I was proud of our final project and learned so much from the different perspectives of my group members. When I get ready to teach force and motion to my students I will be using our work as a major resource. I have always believed in and used constructivist principles in my teaching, especially science. I felt validated as a teacher by the material in the course and my interactions with my colleagues.

EDLD 5362, Information Systems Management

This course allowed me to get behind-the-scenes of the overall technology plan of my district, Los Angeles Unified. I knew there had to be some sort of plan that they were following but I had no idea what is was. As I discussed in the previous section, what I saw of tech at the school site was often a disorganized mess. I was able to find a 10 year technology plan on the district website from 2000. This gave me the great opportunity to see how well they have done for the duration of the plan.


I found that they actually did a pretty good job. One of the main goals was to improve the computer pupil ration especially at the middle and high schools (Los Angeles Unified School District, 2000). This goal they were able to meet. But what was even more striking when I read the document, was how much technology has changed. The internet at that time was pre-web 2.0. There was no mention of anything interactive at all. It was focused primarily on software programs, networking, and hardware.

The other reason this course was important had to do with the present. I have been an onsite trainer for a new program called myData that allows the teachers to access information from the district’s School Information System, SIS, in an easy and user-friendly way. Previously all the student data such as attendance, grades, periodic assessment data, California Standards Test scores, etc. were not readily accessible to teachers. The teachers needed administrative approval to access the system. The system itself was a cumbersome, hard to use, database program. So of course, very few teachers actually used it. MyData was the friendly user interface on the SIS.

What I learned about SIS’s in general and about my district specifically, allowed me to better train the teachers at my school site. I have a much greater appreciation for the complexities of a school and district’s information systems.

EDLD 5301, Research

This course, like EDLD 5344, were a surprise to me. I had always thought of education research as completely removed from the classroom, with little or no practical application. But what really caught my interest was the whole idea of action research (Dana, 2009).

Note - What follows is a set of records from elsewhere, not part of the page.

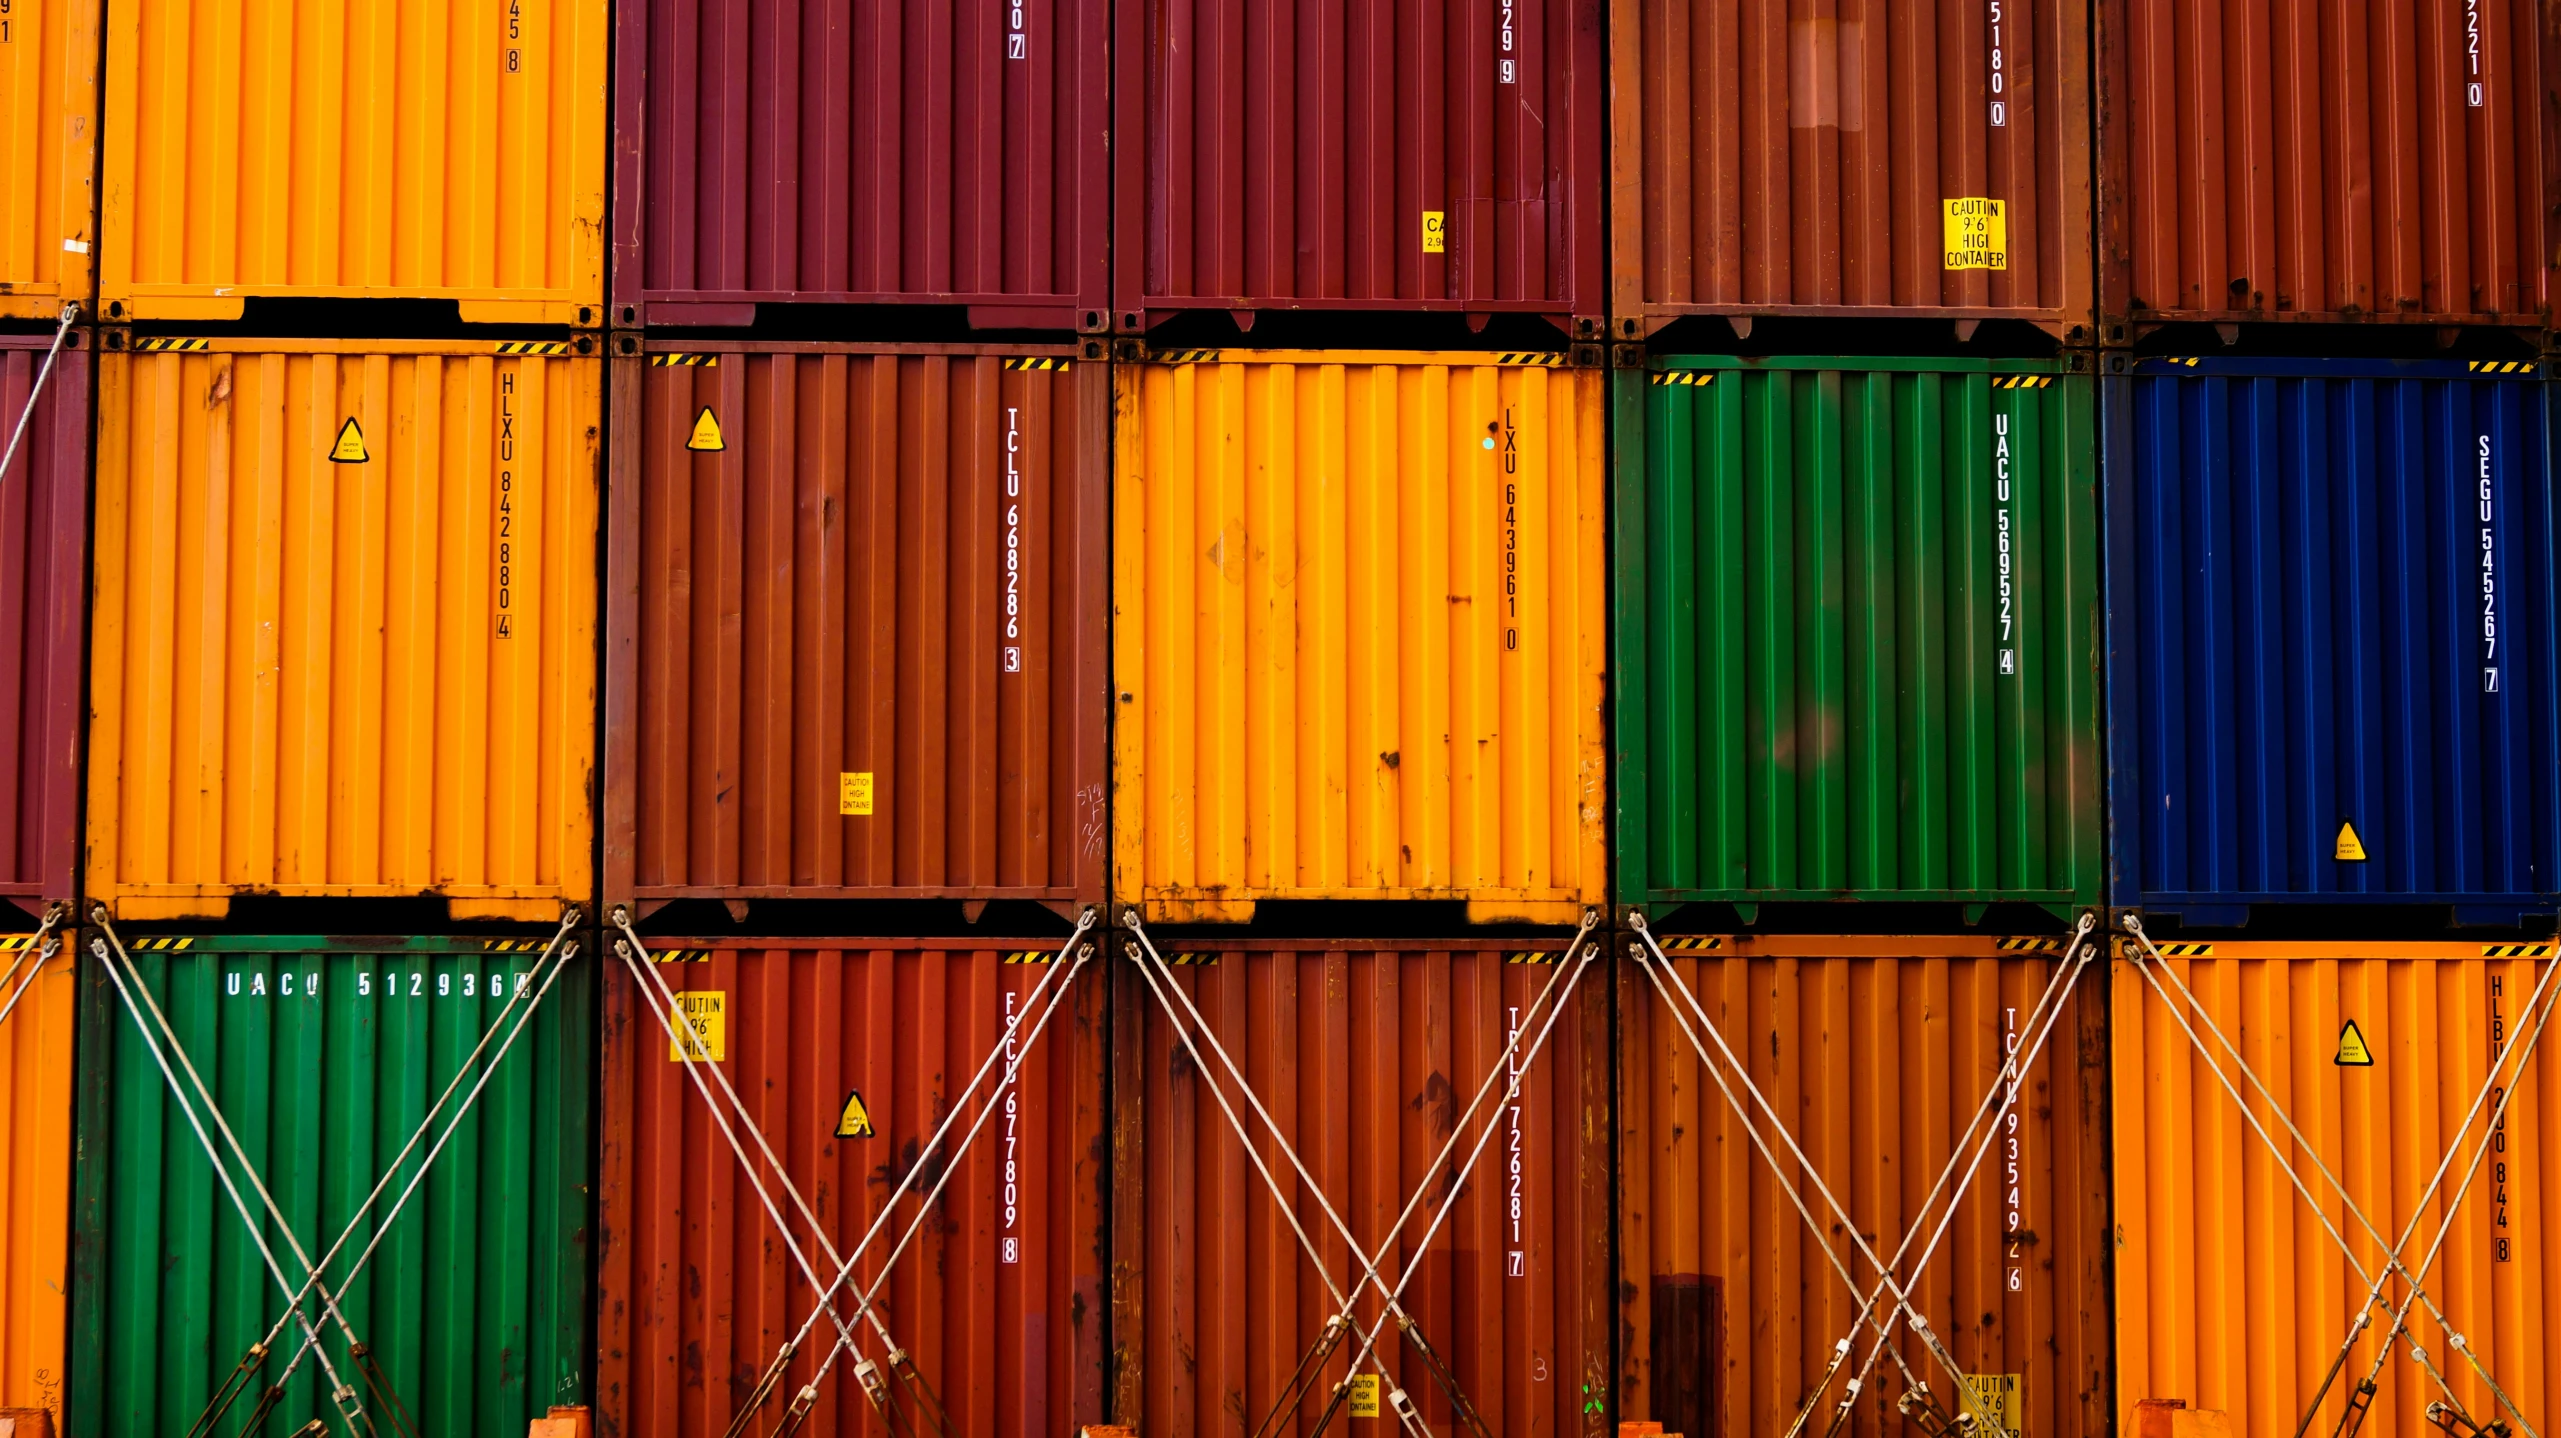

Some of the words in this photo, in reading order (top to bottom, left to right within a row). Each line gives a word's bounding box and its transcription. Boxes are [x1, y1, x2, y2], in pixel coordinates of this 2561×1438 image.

[509, 0, 520, 39] 45
[1010, 34, 1023, 58] 7
[1990, 1, 2003, 94] 5180
[508, 50, 518, 72] 8
[1501, 61, 1514, 82] 9
[2469, 84, 2481, 105] 0
[1992, 102, 2003, 125] 0
[501, 373, 513, 461] HLXU
[1007, 408, 1018, 497] TCLU
[1504, 408, 1516, 474] LXU
[1996, 414, 2009, 501] UACU
[2479, 435, 2492, 522] SEGU
[1506, 484, 1516, 618] 643961
[1006, 504, 1018, 638] 668286
[1998, 509, 2011, 641] 569527
[2482, 528, 2495, 659] 545267
[498, 616, 509, 637] 4
[1506, 628, 1516, 651] 0
[1006, 648, 1018, 671] 3
[2001, 650, 2012, 673] 4
[2486, 669, 2497, 691] 7
[848, 789, 865, 798] HIGH
[227, 972, 319, 996] UACU
[358, 972, 503, 996] 512936
[2491, 975, 2505, 1063] HLBU
[1004, 1091, 1016, 1228] 677809
[1509, 1106, 1521, 1242] 726281
[2007, 1113, 2020, 1258] 935492
[1004, 1239, 1016, 1262] 8
[2497, 1238, 2508, 1261] 8
[1510, 1253, 1522, 1276] 7
[2009, 1268, 2020, 1291] 6
[1533, 1357, 1548, 1382] 3
[1355, 1391, 1370, 1400] HIGH
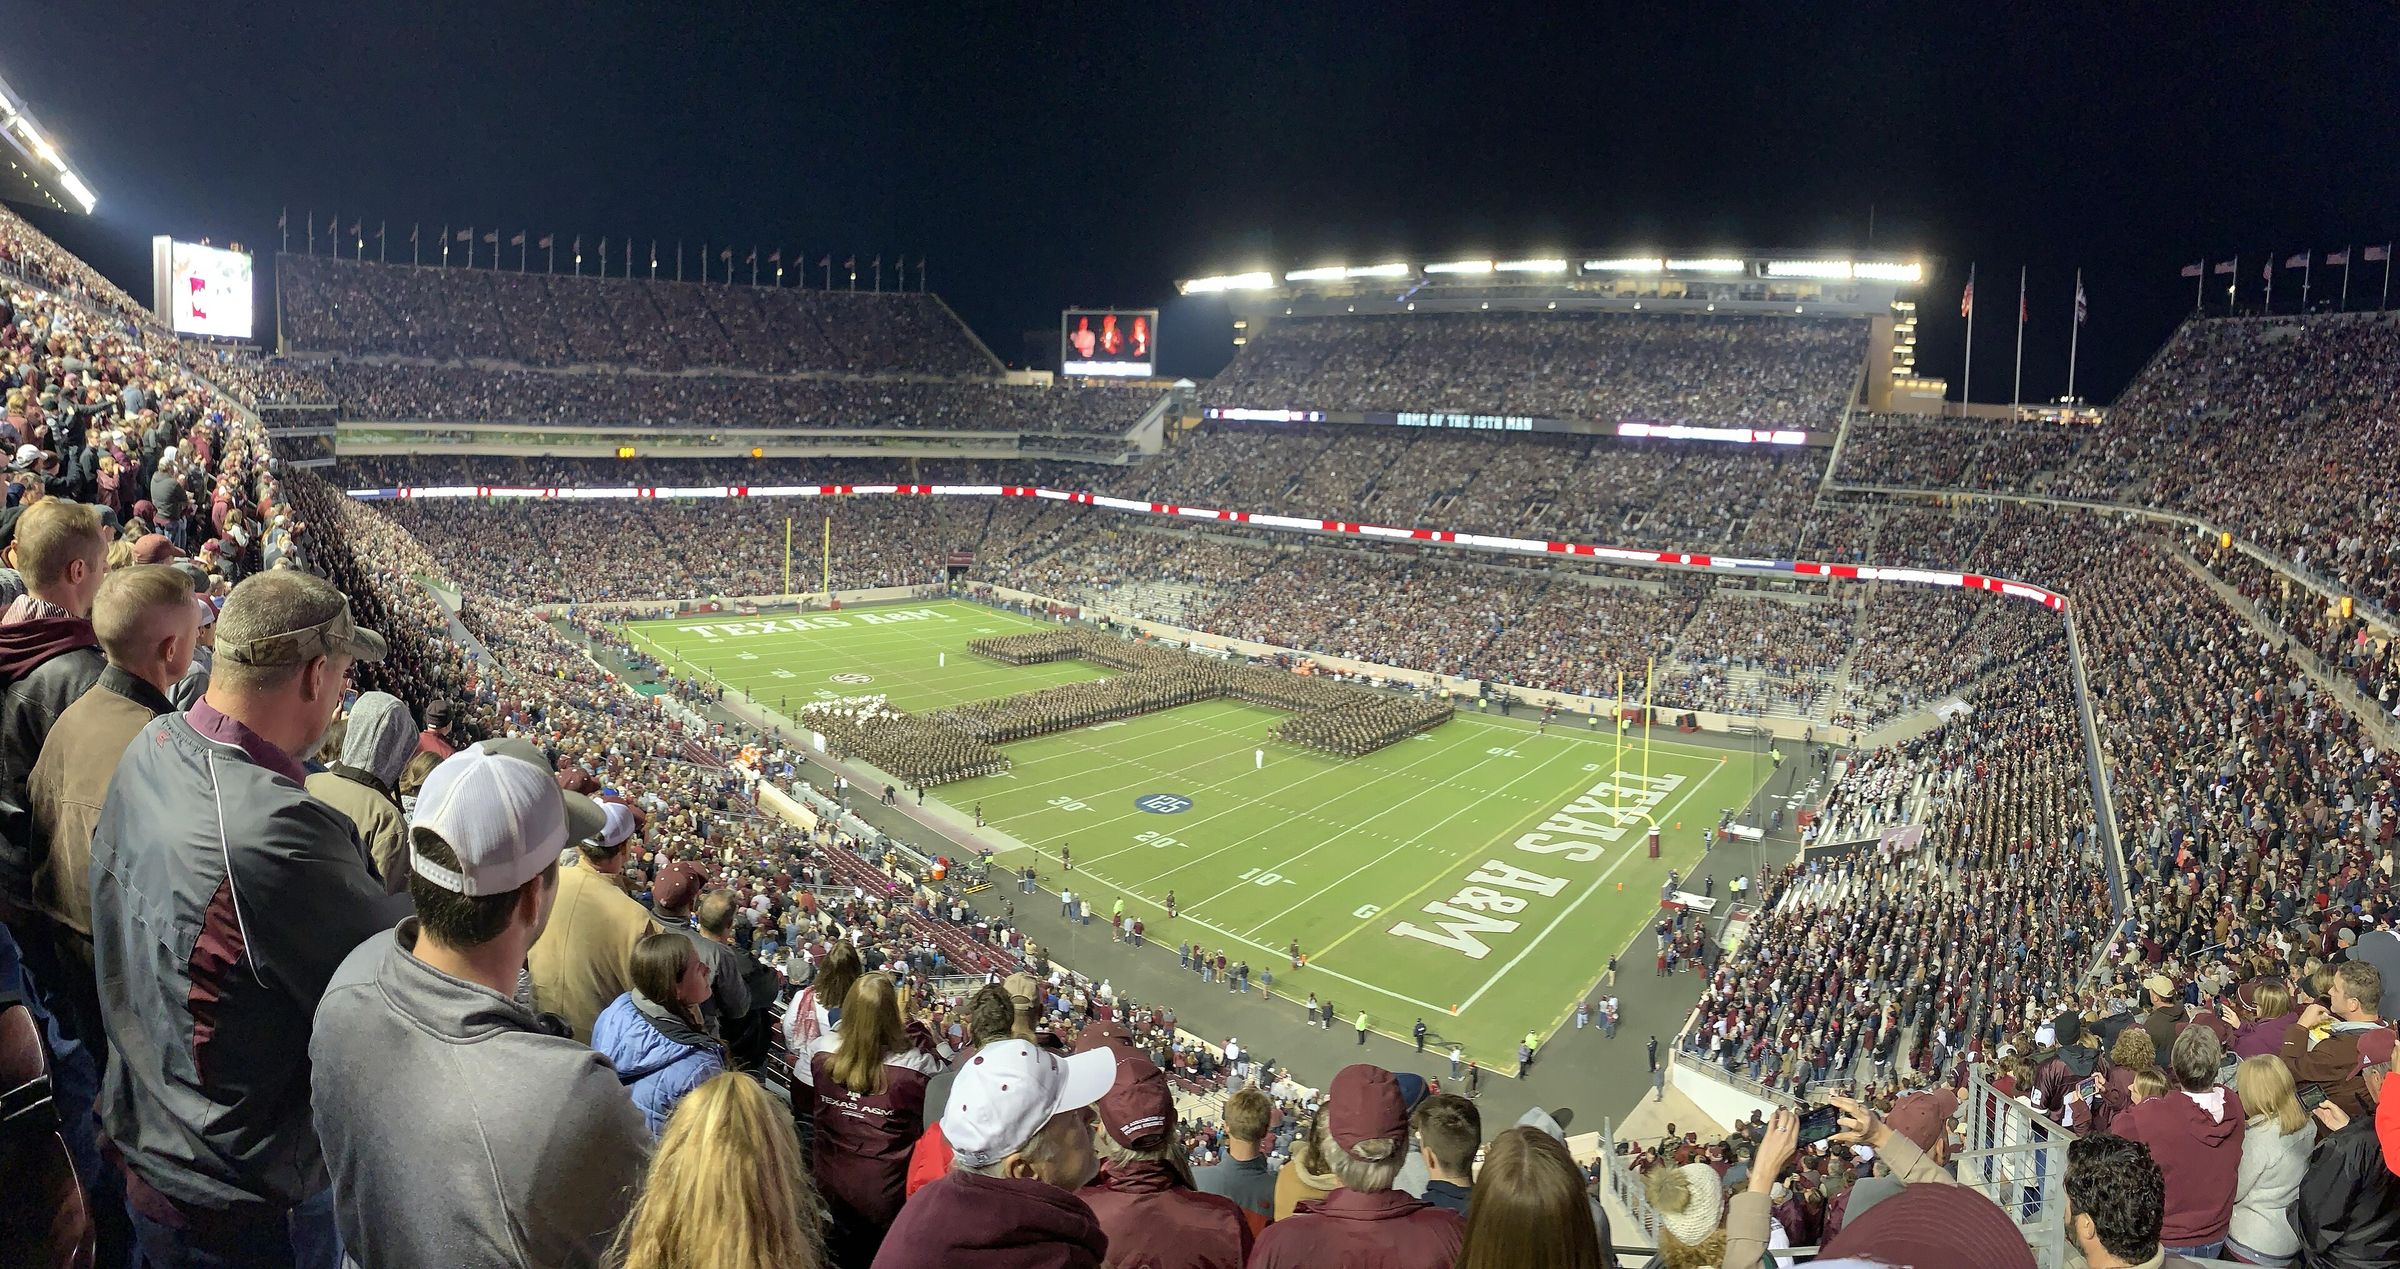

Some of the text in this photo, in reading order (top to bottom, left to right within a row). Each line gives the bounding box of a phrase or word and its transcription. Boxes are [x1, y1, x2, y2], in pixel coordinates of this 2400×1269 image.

In action research, even how to determine the focus of the research was completel refreshing. It was based in “Finding a Wondering” (Dana, ch.2). this is what really struck a chord in me. Here was research based on a real problem that someone needed to solve at a school site. What a change this was from some of the didactic research reports I have read that did absolutely nothing to improve the learning of our students.

The idea of reflecting on practice was another important component. I could completely relate to some of the anecdotes in the class about being too busy too reflect on practice and situations. But I know that it is critical. We have done lots of reflections in this program, but I have found that I can meaningfully reflect on my teaching while gardening or going for a walk. My brain and imagination are free to go deep and approach the problem in different ways, without the pressure of performance.

I am in cohort 6 so I did not have this at the beginning of this program, but I can absolutely see the value of conducting action research as part of the internship. I was just thinking that since I am not a principal I can’t use this right now. I immediately realized that I can indeed find my wondering and reflect on how to research it right here and right now. Maybe I will tackle that after I am done with this final class.